Para disfrutar el vino debemos poner en acción olfato, gusto y vista, no sin antes hacernos a una buena copa: esa regla, que me compartió Ángelamaría Barreneche, de entrada pone en aprietos a los restaurantes que sirven en algo parecido al vaso de mermelada que las abuelas de antes desetiquetaban, lavaban e incluían en su cristalería.
Como copa buena califica, según la experta de John Restrepo, la de "cristal liso, transparente y delgado, boca estrecha, tallo largo y borde levemente doblado". Como las de la foto.

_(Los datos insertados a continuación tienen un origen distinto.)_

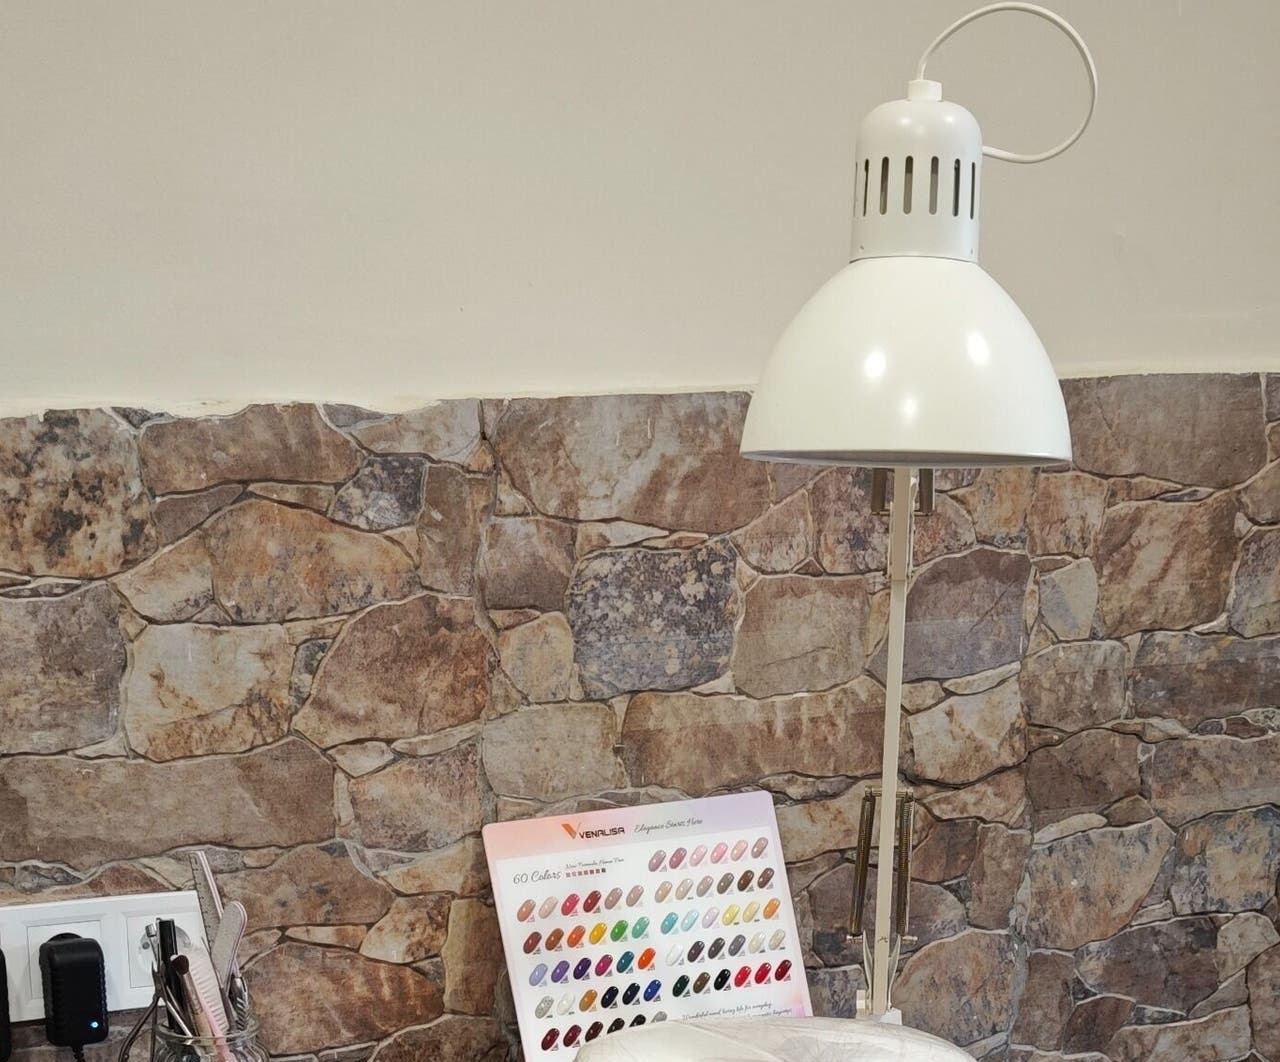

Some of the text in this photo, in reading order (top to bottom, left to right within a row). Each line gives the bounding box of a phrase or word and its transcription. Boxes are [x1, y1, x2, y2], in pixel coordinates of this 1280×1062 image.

[579, 826, 625, 839] VENALISA
[513, 873, 528, 884] 60
[531, 869, 562, 882] Colors
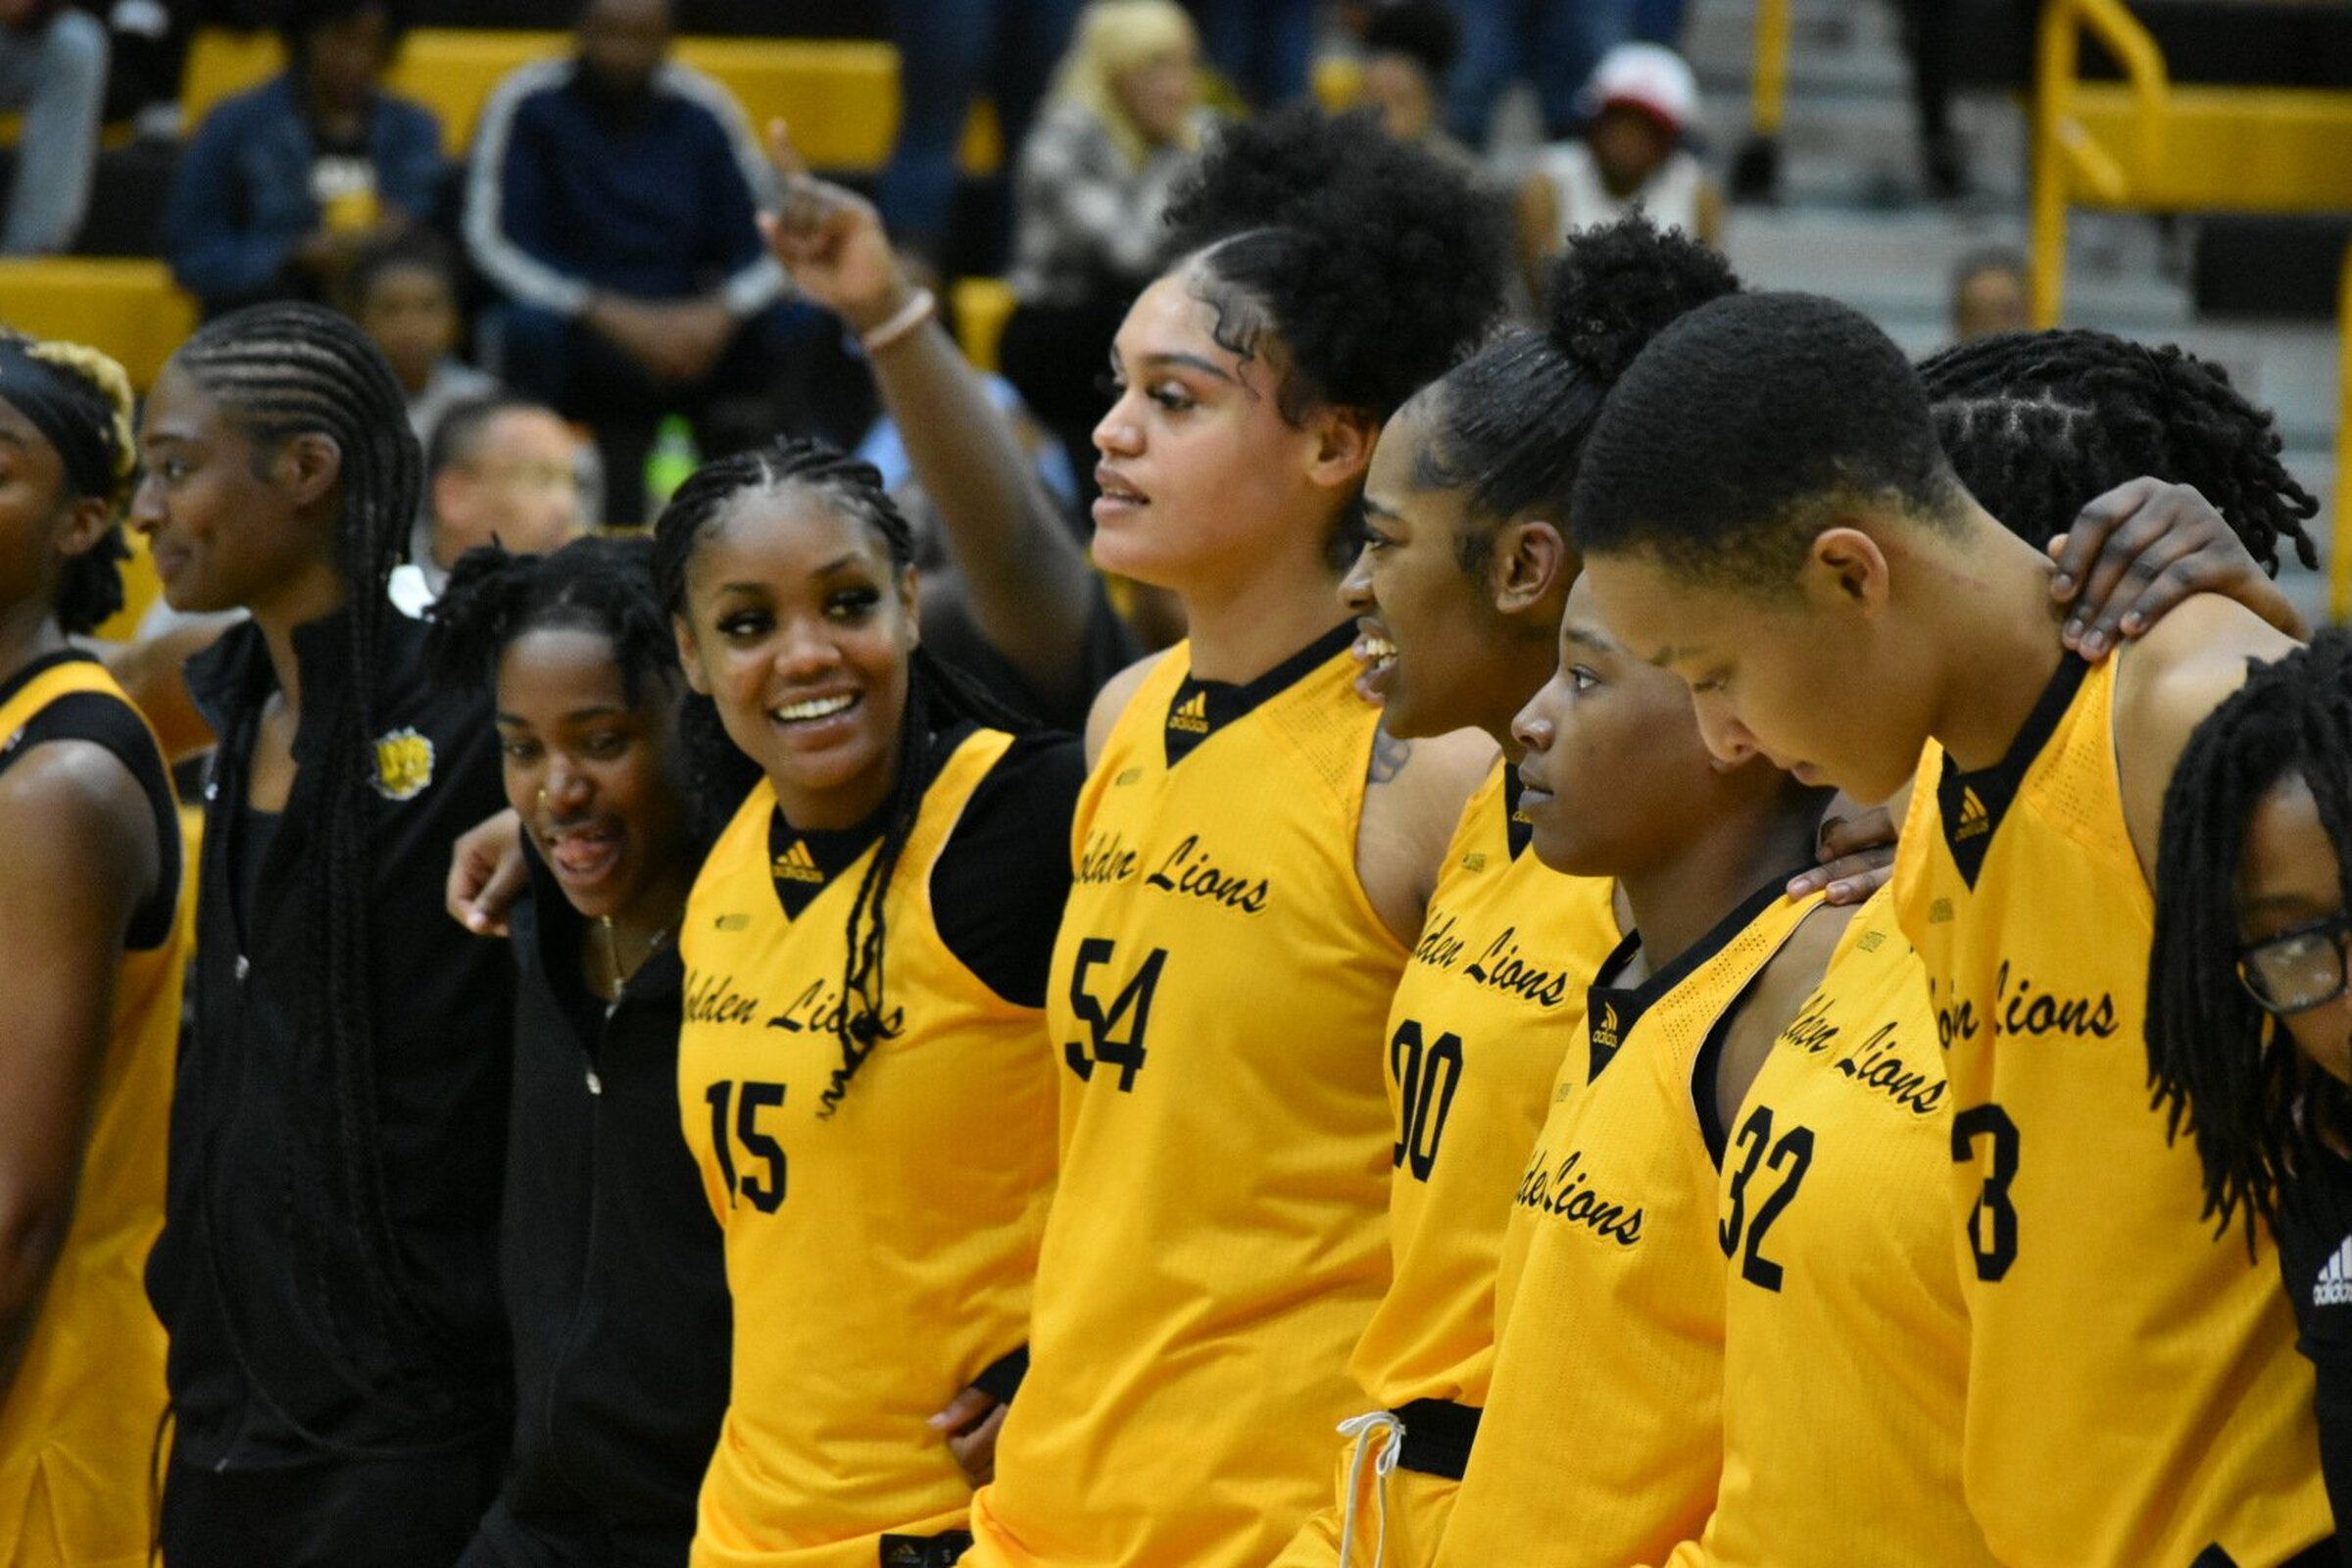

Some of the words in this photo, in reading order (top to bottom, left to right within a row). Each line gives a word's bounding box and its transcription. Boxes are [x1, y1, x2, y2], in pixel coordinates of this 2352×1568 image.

[1145, 834, 1268, 913] Lions
[765, 978, 906, 1040] Lios
[1064, 937, 1168, 1094] 54
[1463, 926, 1568, 1006] Lions
[1834, 1021, 1948, 1113] Lions
[705, 1080, 787, 1215] 15
[1718, 1104, 1815, 1294] 32
[1951, 1103, 2020, 1283] 3
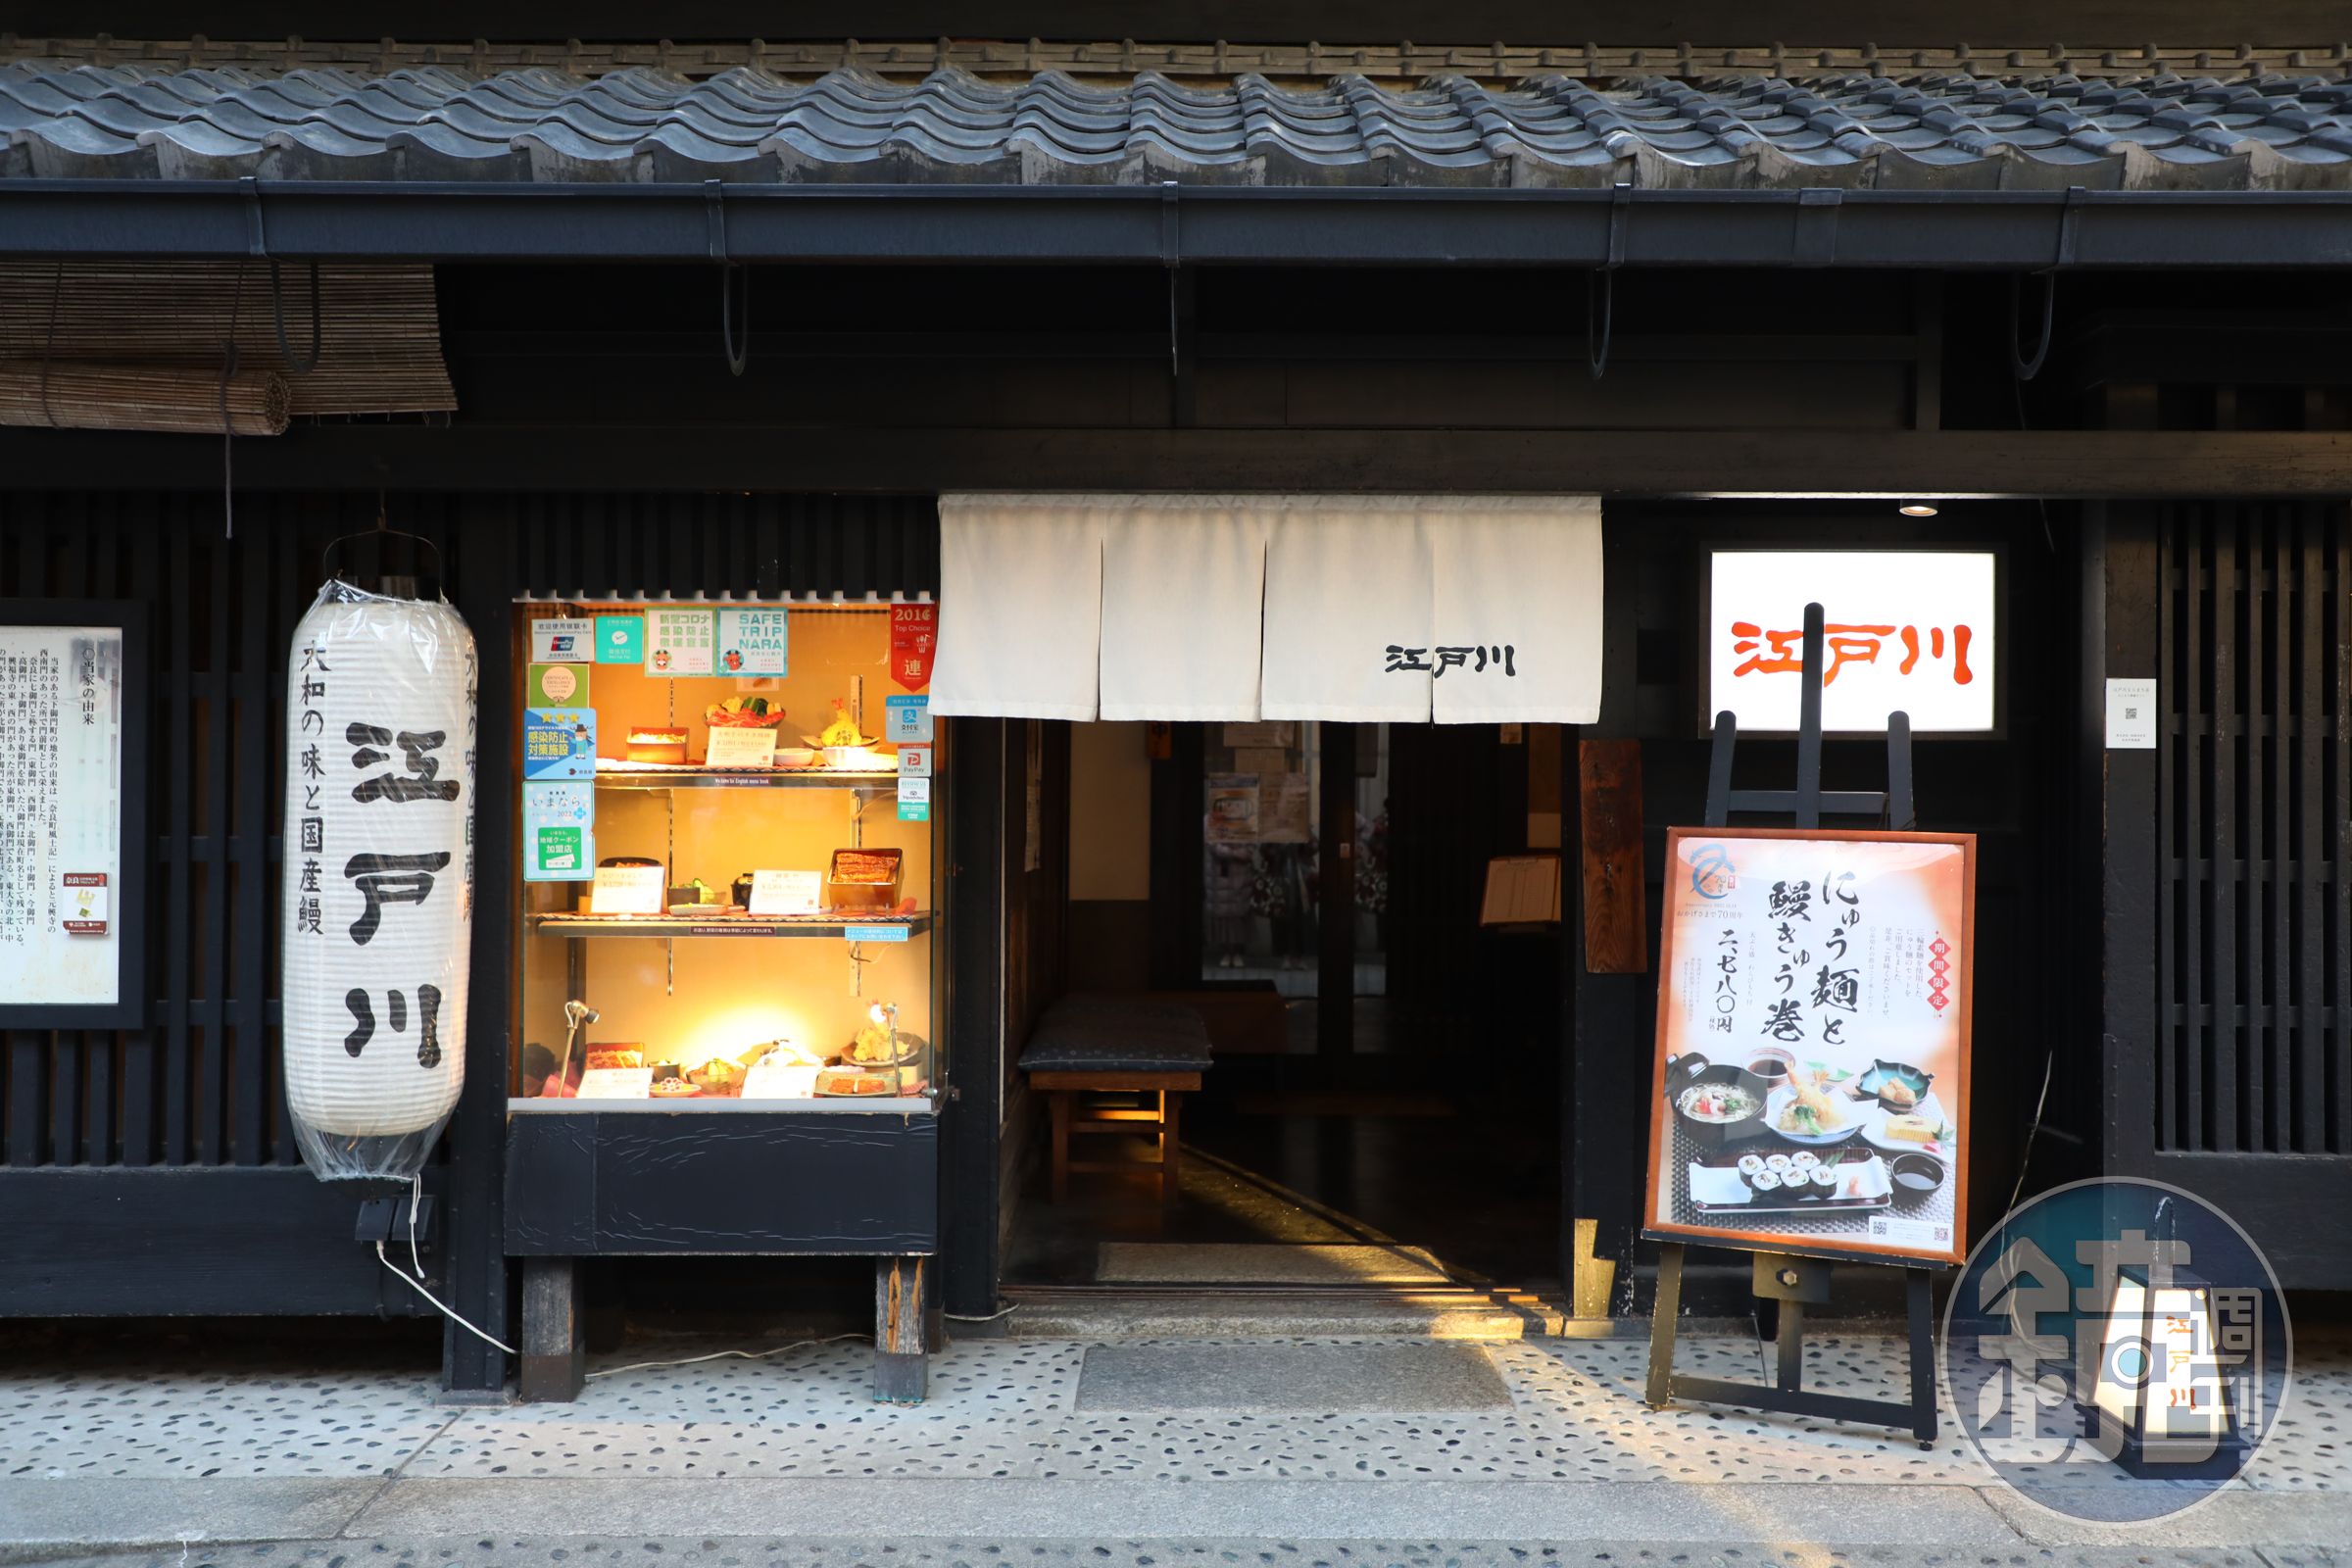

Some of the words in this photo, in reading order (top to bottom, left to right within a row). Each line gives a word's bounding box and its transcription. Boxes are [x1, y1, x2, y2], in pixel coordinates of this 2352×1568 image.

[739, 613, 782, 624] SAFE
[739, 626, 782, 637] TRIP
[739, 639, 782, 650] NARA
[1732, 621, 1973, 688] 江戸川
[1386, 645, 1516, 677] 江戸川
[528, 731, 568, 743] 感染防止
[528, 744, 568, 756] 対策施設
[297, 640, 331, 935] 大和の味と国産鰻
[533, 797, 580, 807] いまなら
[546, 845, 572, 854] 加盟店
[344, 721, 461, 1068] 江戸川
[1760, 880, 1812, 1043] 鰻きゅう巻
[1811, 870, 1860, 1046] にゅう麺と
[1933, 943, 1945, 1006] 期間限定
[2167, 1316, 2196, 1410] 江戸川

El tipo de vino también marcará una pauta, pues no es lo mismo un tinto que un blanco y ni qué decir de espumantes, champañas, oportos, jereces o cosechas tardías: cada uno va con la pareja que le conviene, al punto que la marca Riedel, en un desarrollo avanzado ajustó cristales, formas, tamaños y diámetros, según el descorche venga con Cabernet Sauvignon, Pinot Noir o Shiraz.
¿Cositería extrema? No, aseguran los expertos. La copa, más allá de ser recipiente, debe destacar las características del vino; como dice Ángelamaría, "es vía para mejorar la percepción de los aromas, los colores y los matices del sabor".
Una copa de cáliz corto no nos permite girar el vino para despertar sus aromas. Cuando menos, el contenido terminará volando hacia nuestra camisa. Un tallo insuficiente hace que los dedos, por estar cerca del cáliz, nos cambien la temperatura de los blancos. Un borde mal diseñado impide que el líquido caiga en la zona adecuada de la lengua. Una boca abierta no orienta los aromas hacia la nariz. Una decoración con grabados, incrustaciones o colores esconde el rojo violáceo del Cabernet Sauvignon, el dorado verdoso del Chardonnay, las burbujas únicas de champañas y espumantes.
¿Y qué hacen los europeos bebiendo de lo mejor del mundo en vasos corrientes, como si nada? El sommelier Alberto Ángel, de Corralejo, responde que "unos y otras son válidos para el vino, pero la copa es más estética y permite analizar mejor. Los vasos son para tomar con los amigos en momentos informales, en los que no nos fijamos en aromas, colores, sabores".
Es tiempo de que los restaurantes se pongan a tono y ya los clientes evaluarán si la relación precio contra calidad del servicio corresponden. En casa, como dice Ángelamaría por la falta de espacio y por los usos y los costos, debemos ser prácticos y con un juego justo de borgoñas o de burdeos, pregúntelas así, estará bien servido.